As school kids are taught, trees absorb carbon dioxide and expel oxygen. And as long as that tree is growing, the carbon in the carbon dioxide it absorbed is stashed away, or “sequestered.” And corporations will pay good money to sequester part of the carbon from their environmental footprint.

And that’s happening on Afognak Island.

“The first forest carbon project in Alaska, occurred at Perenosa Bay,” said Tim Richardson, a conservation consultant, who helped broker that deal.

“It was conducted by the American Land Conservancy and the Rocky Mountain Elk Foundation when a purchace of Native Corporation land went to the state of Alaska through the Exxon Valdez Trustee Council. And the NGO, the conservation groups were in the chain of title in that trans action,” Richardson said.

“So we bought it, and then turned and sold in a back-to-back closing with the Alaska Department of Natural Resources using Exxon Valdez money.”

He said by being in the mix, the carbon credits could be extracted and put to use.

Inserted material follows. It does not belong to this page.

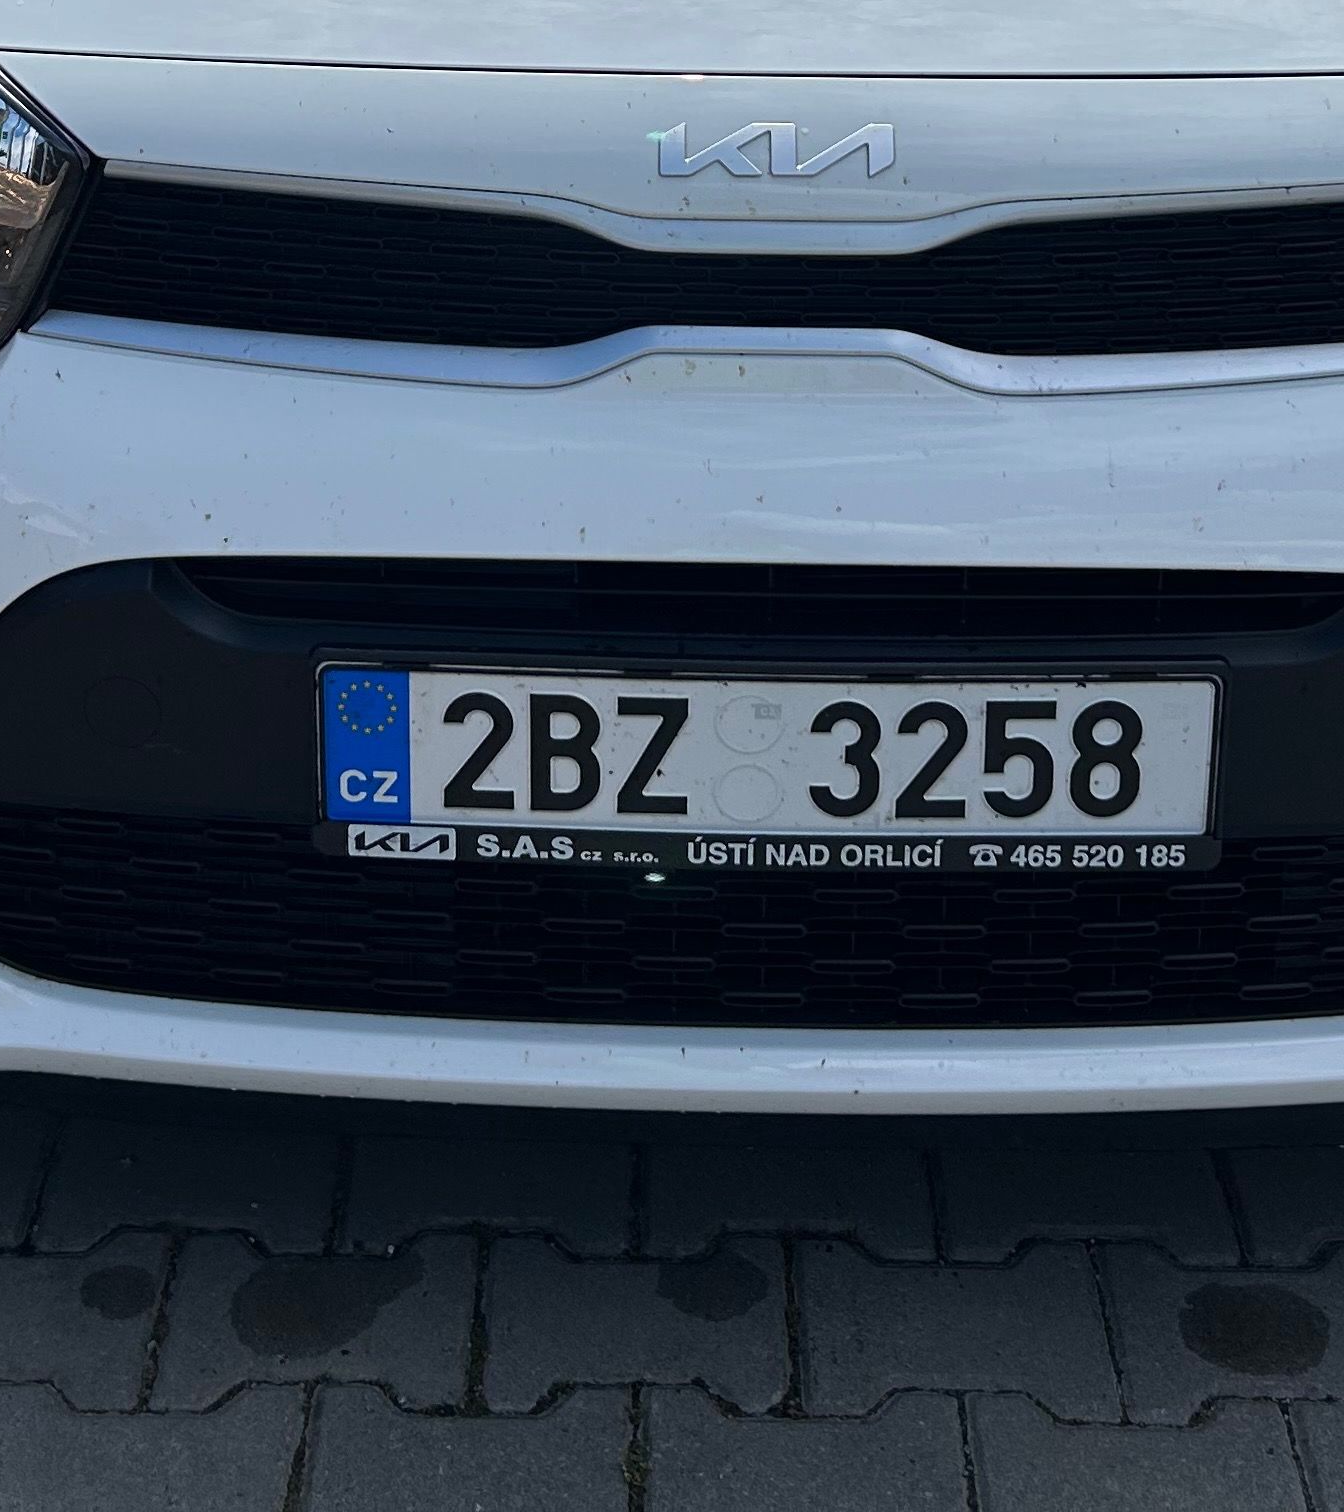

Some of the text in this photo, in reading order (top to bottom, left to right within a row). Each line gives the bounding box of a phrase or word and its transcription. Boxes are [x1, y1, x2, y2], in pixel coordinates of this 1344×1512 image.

“And in that nanosecond that we owned the parcel, we claimed the carbon credit ownership – the interest in the carbon credits. Which at that time were purely hypothetical. None had been done in Alaska before,” Richardson said.

“And the state and the federal agencies and the trustee council wanted to see if a new revenue stream could occur from the trees absorbing carbon dioxide from the atmosphere and storing it. And as they grew, they would continue to build more crediting that could be measured and turned into carbon credits and sold to people on the voluntary carbon market.”

The value of different forest carbon sinks vary, and the price paid for the credits is based on a negotiation with the client, but Dick Kempka, chief commercial officer with Climate Trust in Portland, Oregon, has some good guesstimates.

“But if you look at the voluntary carbon market average for last year, 2015, it was 3.3-dollars per ton. And if you look back at all the 155,000 acres of forest that were conserved in the EVOS on Afognak Island I calculated that it added $25-million to transactions that really cost $180(-million) for the Exxon Valdez to purchase. So it’s a bump,” he said.

Kempka said companies purchase carbon credits voluntarily because they want to be climate neutral or reduce their emissions liability. But it’s not a one-off, feel-good donation. Contracts are for quite a few years.

“I’m up here in Alaska talking to Native corporations and other private land owners who have an interest in that market and I help education them on what that market entails. The have to make a long-term commitment to be in the program. It’s typically a hundred years,” Kempka said.

“And the payments are almost like an annuity. You get them every year as the tree grows. So they measure you in the first year and you’re either above a baseline or below it. If you’re above it you get a bump of credits, and each year after that, you get the growth. So it’s like an annuity they can get a payment for.”

Kempka said this trip, besides to check in on the Perenosa Bay parcel, he is speaking with other land-holders, such as Native corporations, who might be interested in setting aside some land for forest carbon sinks as investments.